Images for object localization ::
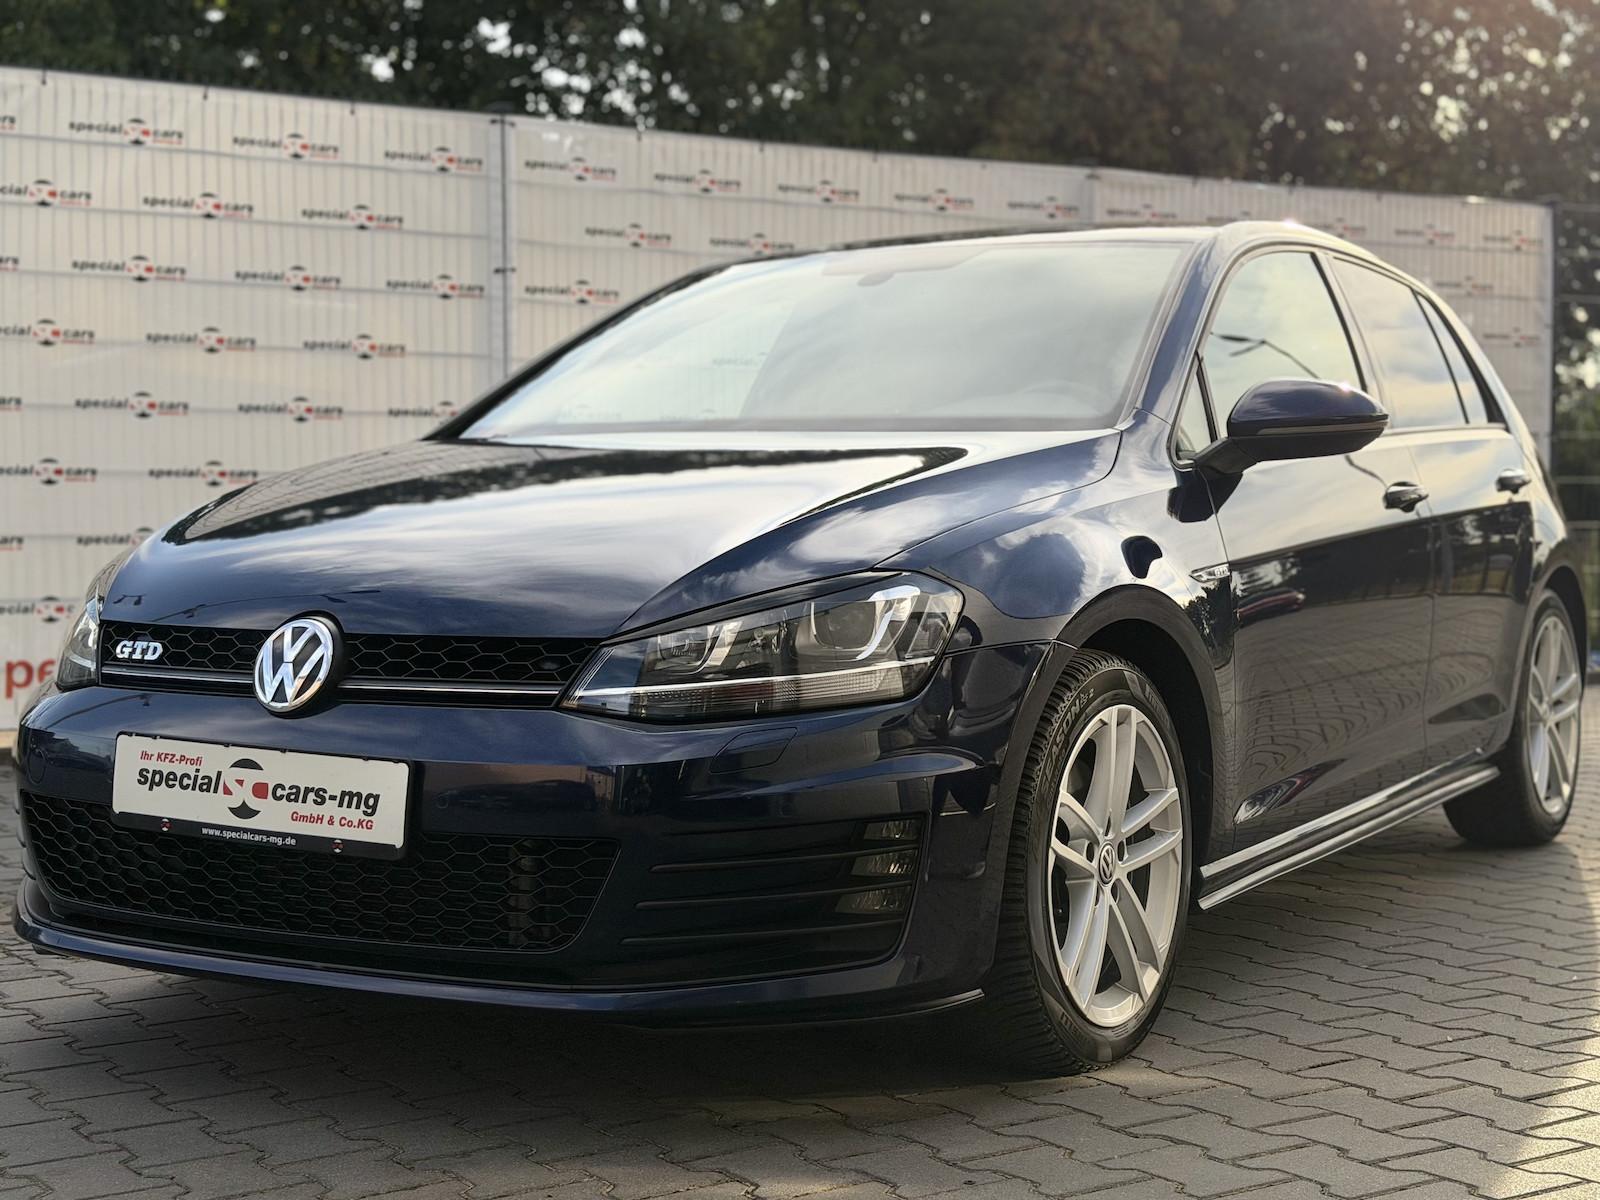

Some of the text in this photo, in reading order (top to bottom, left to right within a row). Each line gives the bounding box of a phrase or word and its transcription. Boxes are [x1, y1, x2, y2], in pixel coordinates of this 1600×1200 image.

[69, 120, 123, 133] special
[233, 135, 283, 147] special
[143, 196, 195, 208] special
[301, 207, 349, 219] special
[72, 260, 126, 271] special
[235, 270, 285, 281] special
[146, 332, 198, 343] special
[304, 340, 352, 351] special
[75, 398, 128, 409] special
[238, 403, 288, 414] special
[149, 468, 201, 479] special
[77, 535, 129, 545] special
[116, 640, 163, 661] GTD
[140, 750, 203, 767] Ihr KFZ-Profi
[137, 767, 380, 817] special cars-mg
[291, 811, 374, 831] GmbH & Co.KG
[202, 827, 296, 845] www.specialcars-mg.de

Assignment :: When you transcribe the entries above, keep every word exact and leave out the pictures.

Answer to this problem ::
Some of the text in this photo, in reading order (top to bottom, left to right within a row). Each line gives the bounding box of a phrase or word and its transcription. Boxes are [x1, y1, x2, y2], in pixel coordinates of this 1600×1200 image.

[69, 120, 123, 133] special
[233, 135, 283, 147] special
[143, 196, 195, 208] special
[301, 207, 349, 219] special
[72, 260, 126, 271] special
[235, 270, 285, 281] special
[146, 332, 198, 343] special
[304, 340, 352, 351] special
[75, 398, 128, 409] special
[238, 403, 288, 414] special
[149, 468, 201, 479] special
[77, 535, 129, 545] special
[116, 640, 163, 661] GTD
[140, 750, 203, 767] Ihr KFZ-Profi
[137, 767, 380, 817] special cars-mg
[291, 811, 374, 831] GmbH & Co.KG
[202, 827, 296, 845] www.specialcars-mg.de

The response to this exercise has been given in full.